Creating a new API for subreddits.

In [None]:
%pip install psaw

import pandas as pd
pd.set_option('max_colwidth', 500)
pd.set_option('max_columns', 50)

from psaw import PushshiftAPI

# Initialize PushShift
api = PushshiftAPI()

Looking in indexes: https://pypi.org/simple, https://us-python.pkg.dev/colab-wheels/public/simple/
Collecting psaw
  Downloading psaw-0.1.0-py3-none-any.whl (15 kB)
Installing collected packages: psaw
Successfully installed psaw-0.1.0


To work with this data set we also need to make the date values able to be manipulated.

In [None]:
import datetime as dt
start_Jan1 = int(dt.datetime(2021, 1, 1).timestamp())
end_Jan1 = int(dt.datetime(2021, 1, 7).timestamp())

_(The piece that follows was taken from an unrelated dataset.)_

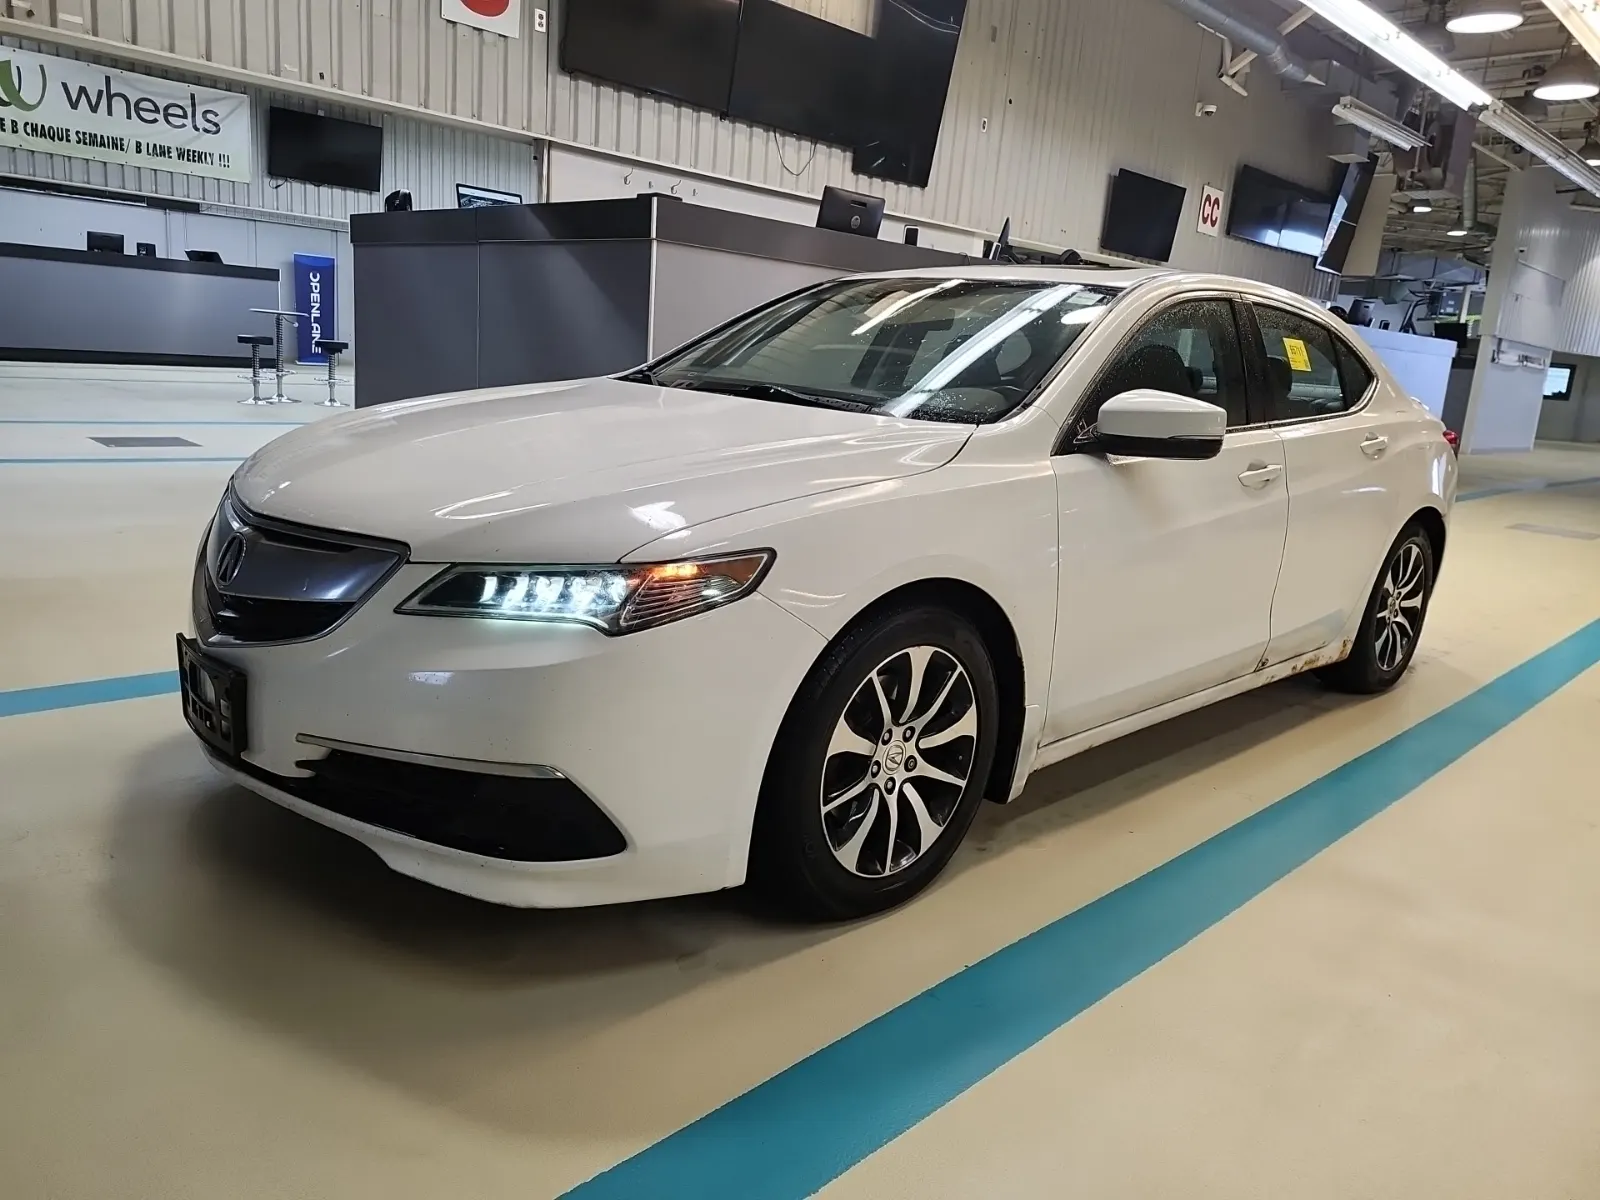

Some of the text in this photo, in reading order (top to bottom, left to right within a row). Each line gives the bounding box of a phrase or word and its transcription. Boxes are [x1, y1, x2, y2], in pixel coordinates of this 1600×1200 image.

GMEJan1_generator = api.search_submissions(q = '(GME)|(GameStop)|(Gamestop)|(gamestop)',
        subreddit = "WallStreetBets", after = start_Jan1, before = end_Jan1)

In [None]:
GMEJan1_Submissions = pd.DataFrame([submission.d_ for submission in GMEJan1_generator])
GMEJan1_Submissions.columns

Index(['all_awardings', 'allow_live_comments', 'author',
       'author_flair_css_class', 'author_flair_richtext', 'author_flair_text',
       'author_flair_type', 'author_fullname', 'author_patreon_flair',
       'author_premium', 'awarders', 'can_mod_post', 'contest_mode',
       'created_utc', 'domain', 'full_link', 'gildings', 'id',
       'is_crosspostable', 'is_meta', 'is_original_content',
       'is_reddit_media_domain', 'is_robot_indexable', 'is_self', 'is_video',
       'link_flair_background_color', 'link_flair_css_class',
       'link_flair_richtext', 'link_flair_template_id', 'link_flair_text',
       'link_flair_text_color', 'link_flair_type', 'locked', 'media_only',
       'no_follow', 'num_comments', 'num_crossposts', 'over_18',
       'parent_whitelist_status', 'permalink', 'pinned', 'post_hint',
       'preview', 'pwls', 'removed_by_category', 'retrieved_on', 'score',
       'selftext', 'send_replies', 'spoiler', 'stickied', 'subreddit',
       'subreddit_id', 'subred

Now we import the VADER package to calculate sentiment values.

In [None]:
import nltk
nltk.download('vader_lexicon')

from nltk.sentiment.vader import SentimentIntensityAnalyzer
SIA = SentimentIntensityAnalyzer()

[nltk_data] Downloading package vader_lexicon to /root/nltk_data...
[nltk_data]   Package vader_lexicon is already up-to-date!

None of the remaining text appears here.